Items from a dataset
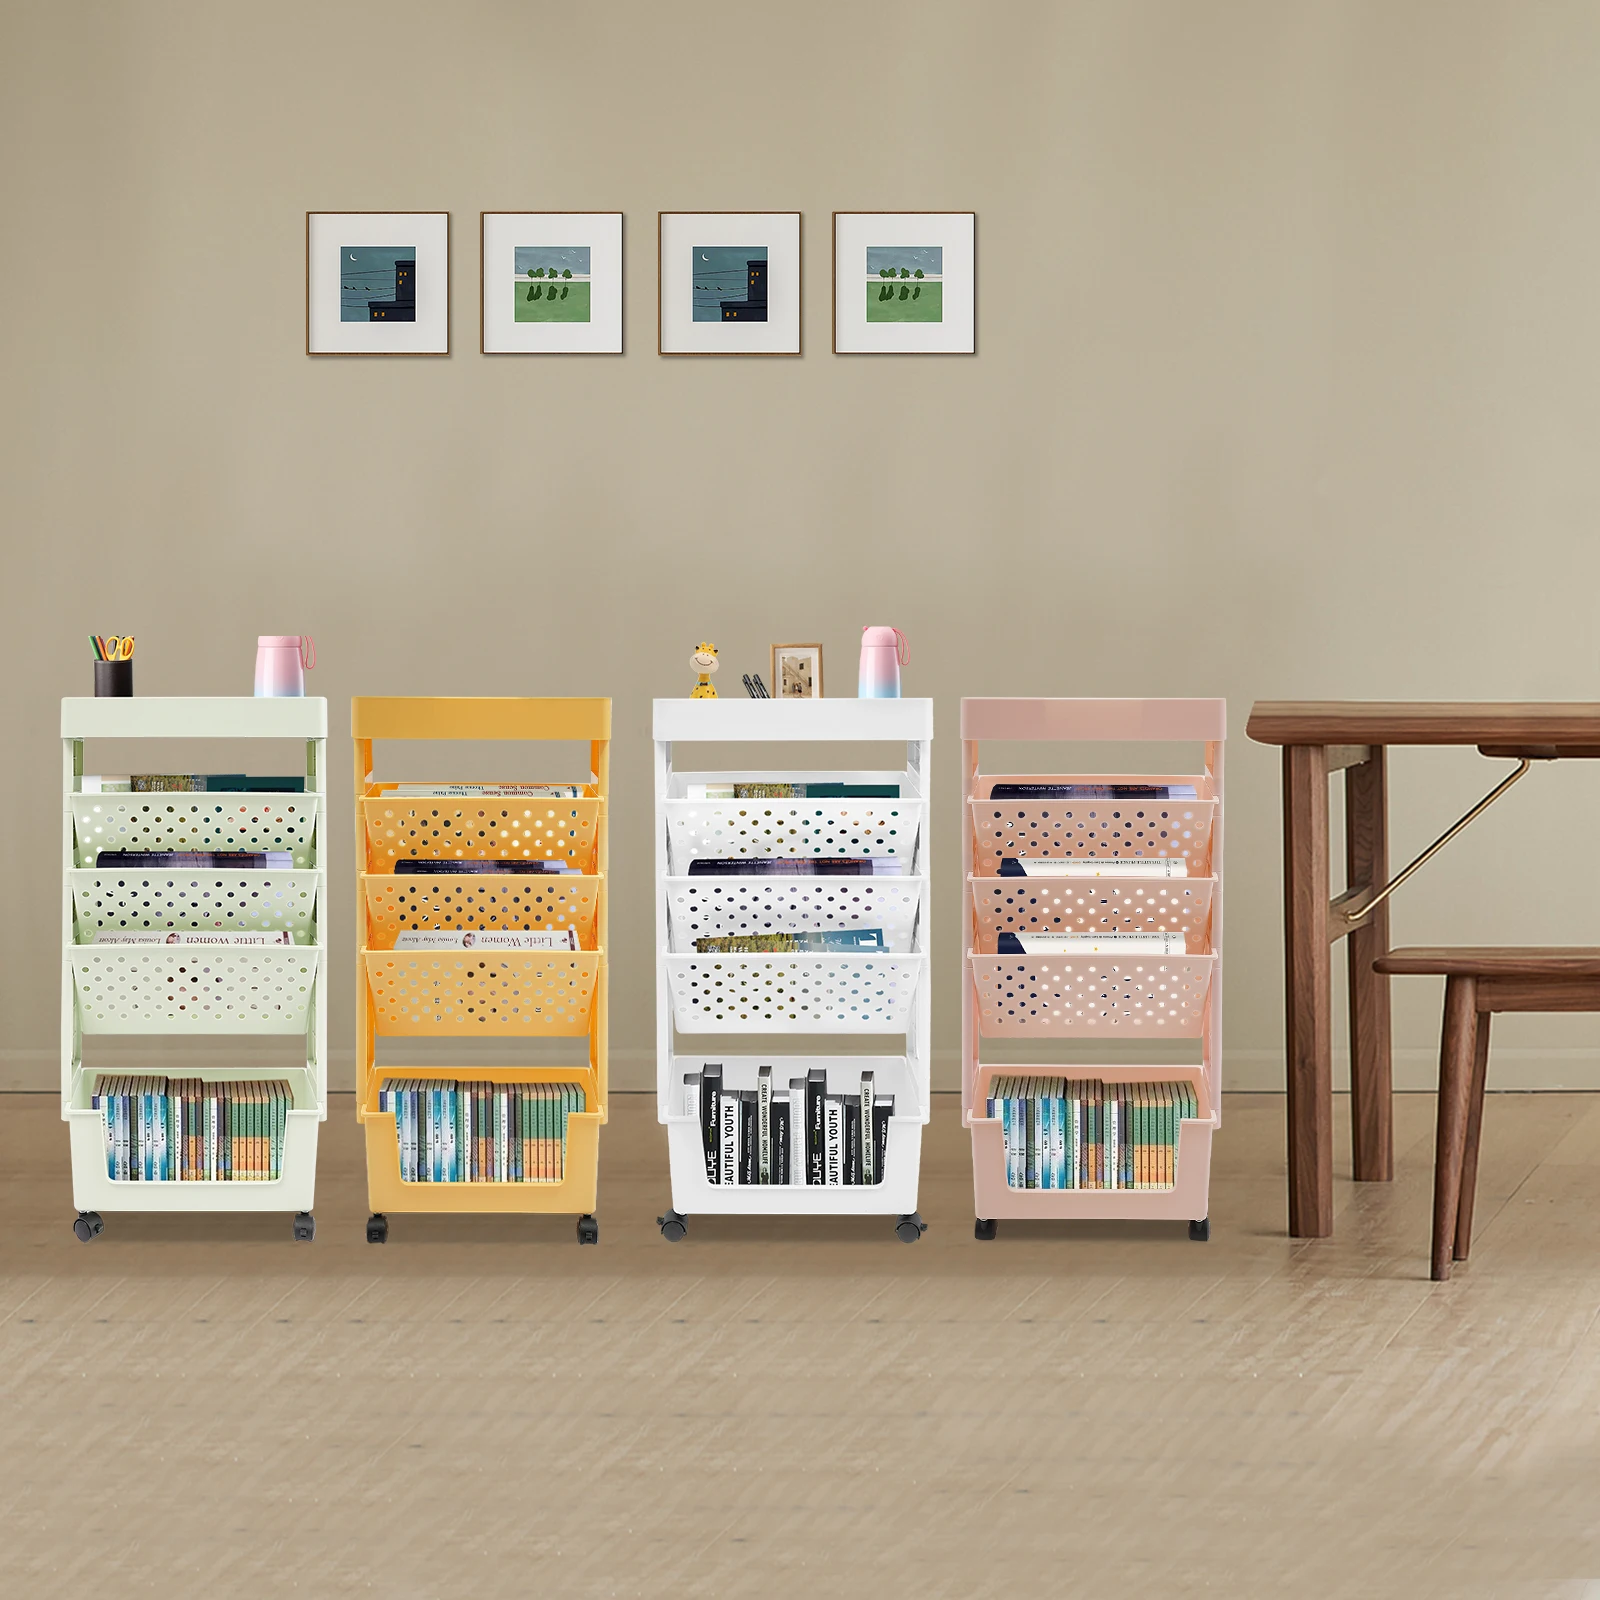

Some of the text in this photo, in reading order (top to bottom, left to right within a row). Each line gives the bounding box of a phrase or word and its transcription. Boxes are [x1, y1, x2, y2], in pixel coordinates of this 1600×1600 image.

[121, 936, 137, 945] May
[137, 936, 161, 945] Louisa
[186, 936, 230, 945] Women
[233, 936, 265, 945] Little
[481, 936, 521, 947] Women
[524, 936, 553, 947] Little
[709, 1090, 717, 1127] Furniture
[724, 1105, 734, 1139] YOUTH
[828, 1109, 839, 1185] AUTIFUL YOUTH

## WHAT NEEDS TO BE DONE
Every entry above is to be copied verbatim, with the pictures removed.

## FINISHED EXERCISE
Some of the text in this photo, in reading order (top to bottom, left to right within a row). Each line gives the bounding box of a phrase or word and its transcription. Boxes are [x1, y1, x2, y2], in pixel coordinates of this 1600×1600 image.

[121, 936, 137, 945] May
[137, 936, 161, 945] Louisa
[186, 936, 230, 945] Women
[233, 936, 265, 945] Little
[481, 936, 521, 947] Women
[524, 936, 553, 947] Little
[709, 1090, 717, 1127] Furniture
[724, 1105, 734, 1139] YOUTH
[828, 1109, 839, 1185] AUTIFUL YOUTH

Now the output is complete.